What you should do
Can you output the records below exactly as they are written?

<<<<

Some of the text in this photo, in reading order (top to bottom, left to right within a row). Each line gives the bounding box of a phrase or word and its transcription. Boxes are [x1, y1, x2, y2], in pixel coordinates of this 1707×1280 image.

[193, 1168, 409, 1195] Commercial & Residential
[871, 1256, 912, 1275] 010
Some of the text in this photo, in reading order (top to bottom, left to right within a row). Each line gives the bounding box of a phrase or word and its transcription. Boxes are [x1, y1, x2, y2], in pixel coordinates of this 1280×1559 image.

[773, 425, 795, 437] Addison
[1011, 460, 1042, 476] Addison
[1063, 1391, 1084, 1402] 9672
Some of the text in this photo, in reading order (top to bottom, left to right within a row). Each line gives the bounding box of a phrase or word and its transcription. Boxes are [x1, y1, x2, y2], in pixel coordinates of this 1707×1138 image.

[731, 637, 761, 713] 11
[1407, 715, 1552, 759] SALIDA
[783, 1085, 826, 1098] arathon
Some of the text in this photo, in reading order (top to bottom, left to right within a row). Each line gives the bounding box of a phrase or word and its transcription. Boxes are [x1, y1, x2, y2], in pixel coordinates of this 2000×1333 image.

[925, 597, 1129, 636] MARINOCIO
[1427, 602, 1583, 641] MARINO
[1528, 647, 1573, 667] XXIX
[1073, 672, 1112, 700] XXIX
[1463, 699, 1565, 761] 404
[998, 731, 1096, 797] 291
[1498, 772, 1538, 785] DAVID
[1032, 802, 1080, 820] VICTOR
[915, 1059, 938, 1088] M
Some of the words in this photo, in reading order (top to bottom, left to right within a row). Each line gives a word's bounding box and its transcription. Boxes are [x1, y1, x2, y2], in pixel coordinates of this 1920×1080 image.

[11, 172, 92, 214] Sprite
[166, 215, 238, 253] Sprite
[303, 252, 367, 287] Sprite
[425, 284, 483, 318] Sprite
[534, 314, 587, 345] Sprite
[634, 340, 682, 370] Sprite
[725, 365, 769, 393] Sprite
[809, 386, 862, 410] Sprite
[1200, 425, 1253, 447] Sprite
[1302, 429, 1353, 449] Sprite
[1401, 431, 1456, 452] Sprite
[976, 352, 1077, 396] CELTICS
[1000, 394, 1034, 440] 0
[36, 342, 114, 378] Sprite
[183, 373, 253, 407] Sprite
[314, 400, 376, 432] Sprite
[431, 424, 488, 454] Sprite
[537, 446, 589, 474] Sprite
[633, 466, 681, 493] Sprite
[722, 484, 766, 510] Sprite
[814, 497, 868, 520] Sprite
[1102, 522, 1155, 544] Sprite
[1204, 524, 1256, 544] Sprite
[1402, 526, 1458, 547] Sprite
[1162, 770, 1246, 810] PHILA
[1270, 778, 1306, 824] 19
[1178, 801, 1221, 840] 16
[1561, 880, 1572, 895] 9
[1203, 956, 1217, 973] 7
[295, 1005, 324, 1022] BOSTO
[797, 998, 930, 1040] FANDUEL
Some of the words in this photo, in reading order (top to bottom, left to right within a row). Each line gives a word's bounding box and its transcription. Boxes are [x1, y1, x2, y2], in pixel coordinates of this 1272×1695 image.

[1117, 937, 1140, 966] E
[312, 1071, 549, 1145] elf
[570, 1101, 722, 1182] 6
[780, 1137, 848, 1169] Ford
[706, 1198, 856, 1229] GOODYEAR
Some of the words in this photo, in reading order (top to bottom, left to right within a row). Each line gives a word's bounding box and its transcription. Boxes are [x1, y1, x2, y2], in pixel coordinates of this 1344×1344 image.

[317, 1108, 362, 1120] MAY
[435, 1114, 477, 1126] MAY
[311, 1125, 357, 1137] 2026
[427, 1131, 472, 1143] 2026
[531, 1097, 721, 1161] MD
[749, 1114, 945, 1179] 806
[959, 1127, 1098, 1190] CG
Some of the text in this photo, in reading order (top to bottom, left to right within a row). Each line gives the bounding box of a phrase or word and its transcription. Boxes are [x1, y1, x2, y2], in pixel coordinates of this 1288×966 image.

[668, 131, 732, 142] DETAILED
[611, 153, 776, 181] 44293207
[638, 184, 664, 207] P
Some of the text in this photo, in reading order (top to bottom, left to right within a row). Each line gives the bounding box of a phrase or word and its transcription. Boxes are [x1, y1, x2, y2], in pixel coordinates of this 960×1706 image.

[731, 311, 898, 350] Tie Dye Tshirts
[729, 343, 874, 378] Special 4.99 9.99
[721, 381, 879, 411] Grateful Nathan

>>>>

Response
Some of the text in this photo, in reading order (top to bottom, left to right within a row). Each line gives the bounding box of a phrase or word and its transcription. Boxes are [x1, y1, x2, y2], in pixel coordinates of this 1707×1280 image.

[193, 1168, 409, 1195] Commercial & Residential
[871, 1256, 912, 1275] 010
Some of the text in this photo, in reading order (top to bottom, left to right within a row). Each line gives the bounding box of a phrase or word and its transcription. Boxes are [x1, y1, x2, y2], in pixel coordinates of this 1280×1559 image.

[773, 425, 795, 437] Addison
[1011, 460, 1042, 476] Addison
[1063, 1391, 1084, 1402] 9672
Some of the text in this photo, in reading order (top to bottom, left to right within a row). Each line gives the bounding box of a phrase or word and its transcription. Boxes are [x1, y1, x2, y2], in pixel coordinates of this 1707×1138 image.

[731, 637, 761, 713] 11
[1407, 715, 1552, 759] SALIDA
[783, 1085, 826, 1098] arathon
Some of the text in this photo, in reading order (top to bottom, left to right within a row). Each line gives the bounding box of a phrase or word and its transcription. Boxes are [x1, y1, x2, y2], in pixel coordinates of this 2000×1333 image.

[925, 597, 1129, 636] MARINOCIO
[1427, 602, 1583, 641] MARINO
[1528, 647, 1573, 667] XXIX
[1073, 672, 1112, 700] XXIX
[1463, 699, 1565, 761] 404
[998, 731, 1096, 797] 291
[1498, 772, 1538, 785] DAVID
[1032, 802, 1080, 820] VICTOR
[915, 1059, 938, 1088] M
Some of the words in this photo, in reading order (top to bottom, left to right within a row). Each line gives a word's bounding box and its transcription. Boxes are [x1, y1, x2, y2], in pixel coordinates of this 1920×1080 image.

[11, 172, 92, 214] Sprite
[166, 215, 238, 253] Sprite
[303, 252, 367, 287] Sprite
[425, 284, 483, 318] Sprite
[534, 314, 587, 345] Sprite
[634, 340, 682, 370] Sprite
[725, 365, 769, 393] Sprite
[809, 386, 862, 410] Sprite
[1200, 425, 1253, 447] Sprite
[1302, 429, 1353, 449] Sprite
[1401, 431, 1456, 452] Sprite
[976, 352, 1077, 396] CELTICS
[1000, 394, 1034, 440] 0
[36, 342, 114, 378] Sprite
[183, 373, 253, 407] Sprite
[314, 400, 376, 432] Sprite
[431, 424, 488, 454] Sprite
[537, 446, 589, 474] Sprite
[633, 466, 681, 493] Sprite
[722, 484, 766, 510] Sprite
[814, 497, 868, 520] Sprite
[1102, 522, 1155, 544] Sprite
[1204, 524, 1256, 544] Sprite
[1402, 526, 1458, 547] Sprite
[1162, 770, 1246, 810] PHILA
[1270, 778, 1306, 824] 19
[1178, 801, 1221, 840] 16
[1561, 880, 1572, 895] 9
[1203, 956, 1217, 973] 7
[295, 1005, 324, 1022] BOSTO
[797, 998, 930, 1040] FANDUEL
Some of the words in this photo, in reading order (top to bottom, left to right within a row). Each line gives a word's bounding box and its transcription. Boxes are [x1, y1, x2, y2], in pixel coordinates of this 1272×1695 image.

[1117, 937, 1140, 966] E
[312, 1071, 549, 1145] elf
[570, 1101, 722, 1182] 6
[780, 1137, 848, 1169] Ford
[706, 1198, 856, 1229] GOODYEAR
Some of the words in this photo, in reading order (top to bottom, left to right within a row). Each line gives a word's bounding box and its transcription. Boxes are [x1, y1, x2, y2], in pixel coordinates of this 1344×1344 image.

[317, 1108, 362, 1120] MAY
[435, 1114, 477, 1126] MAY
[311, 1125, 357, 1137] 2026
[427, 1131, 472, 1143] 2026
[531, 1097, 721, 1161] MD
[749, 1114, 945, 1179] 806
[959, 1127, 1098, 1190] CG
Some of the text in this photo, in reading order (top to bottom, left to right within a row). Each line gives the bounding box of a phrase or word and its transcription. Boxes are [x1, y1, x2, y2], in pixel coordinates of this 1288×966 image.

[668, 131, 732, 142] DETAILED
[611, 153, 776, 181] 44293207
[638, 184, 664, 207] P
Some of the text in this photo, in reading order (top to bottom, left to right within a row). Each line gives the bounding box of a phrase or word and its transcription. Boxes are [x1, y1, x2, y2], in pixel coordinates of this 960×1706 image.

[731, 311, 898, 350] Tie Dye Tshirts
[729, 343, 874, 378] Special 4.99 9.99
[721, 381, 879, 411] Grateful Nathan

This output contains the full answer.